When it comes to BT headphones, other than no wires to snag on machines at the gym, I don't see any pluses. They are expensive and need to be charged. I can, however, see the advantage to removing legacy hardware and making compromises like Lightning headphones. How often do you see a brand of headphone other than Apple used with an iPhone out in the wild? I rarely do, other than the gym, and those headphones all tend to be Bluetooth. In terms of overall inconvenience and cost to the consumer, removing the headphone jack pales in comparison to removing the floppy.

Again, I agree that the impact for many people was huge. But there was really no viable alternative. Software was increasingly big, media was becoming big, videogames were big (Doom II was 8 disks I believe), and the first real interactive media was becoming popular (Wing Commander III from 1994 was 4 CD's). Apple ditched the floppy in 1998 (https://www.engadget.com/2010/04/28/the-floppy-disk-is-dead-and-apple-helped-kill-it/ ). The whole world was going towards huge storage, and it never stopped since. There was no other way: adapt or die. If in 1998 you weren't ready for the advent of CD-Roms (I think that in 1996 I had my first Blueray, which was Mars Attacks!) you were way behind the times. By then the actual raison d'etre of a floppy disk had became obsolete.

As for headphones, the raison d'etre is audio.

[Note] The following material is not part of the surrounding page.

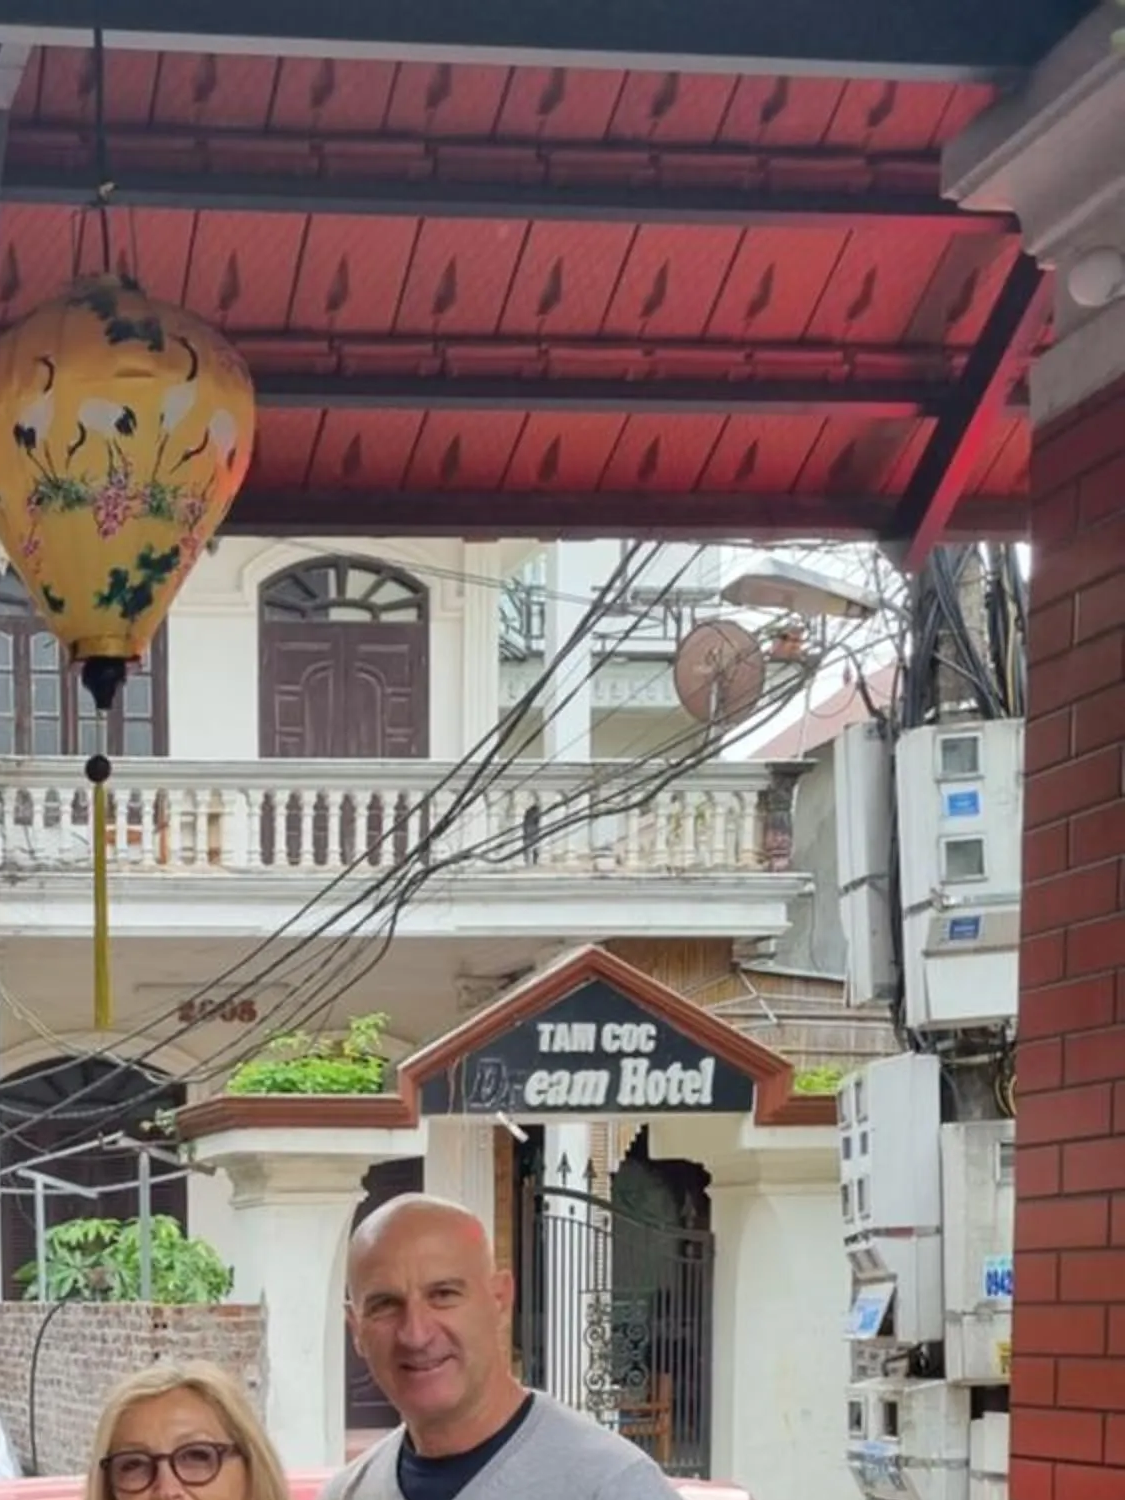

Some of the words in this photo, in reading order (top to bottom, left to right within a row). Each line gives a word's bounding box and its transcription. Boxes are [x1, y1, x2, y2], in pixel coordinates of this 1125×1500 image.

I read conflicting arguments, but one thing is certain: there is no way that a good bluetooth audio device will surpass in audio quality an equally good wired device. At most, they will be identical. Therefore, the raison d'etre of wired headphones is not obsolete and won't be for a while. Now, we can find in the lack of wires a good reason for BT headphones. Again, I give you that not having wires for most people is a nice comfort and something with some value. But it's definitely not courage and not a reason for removing headphone jacks, until at least the BT solution is ready for prime time and at an affordable price. It's a much different story than Floppy drives.
 
It's business.
Promise a date.
Keep the promise.
That's how it works.

Unless it's something of a global scale, the reasons are not my concern. He's paid by customers and government to deliver a final product with a given quality, all while keeping a certain level of trust between his company and the external world.
If he fails, I don't care about his excuses, the same way he doesn't care about other people's excuses when something goes wrong.
And everyone knows that missing Holiday season is a cardinal sin; the board will eat him alive.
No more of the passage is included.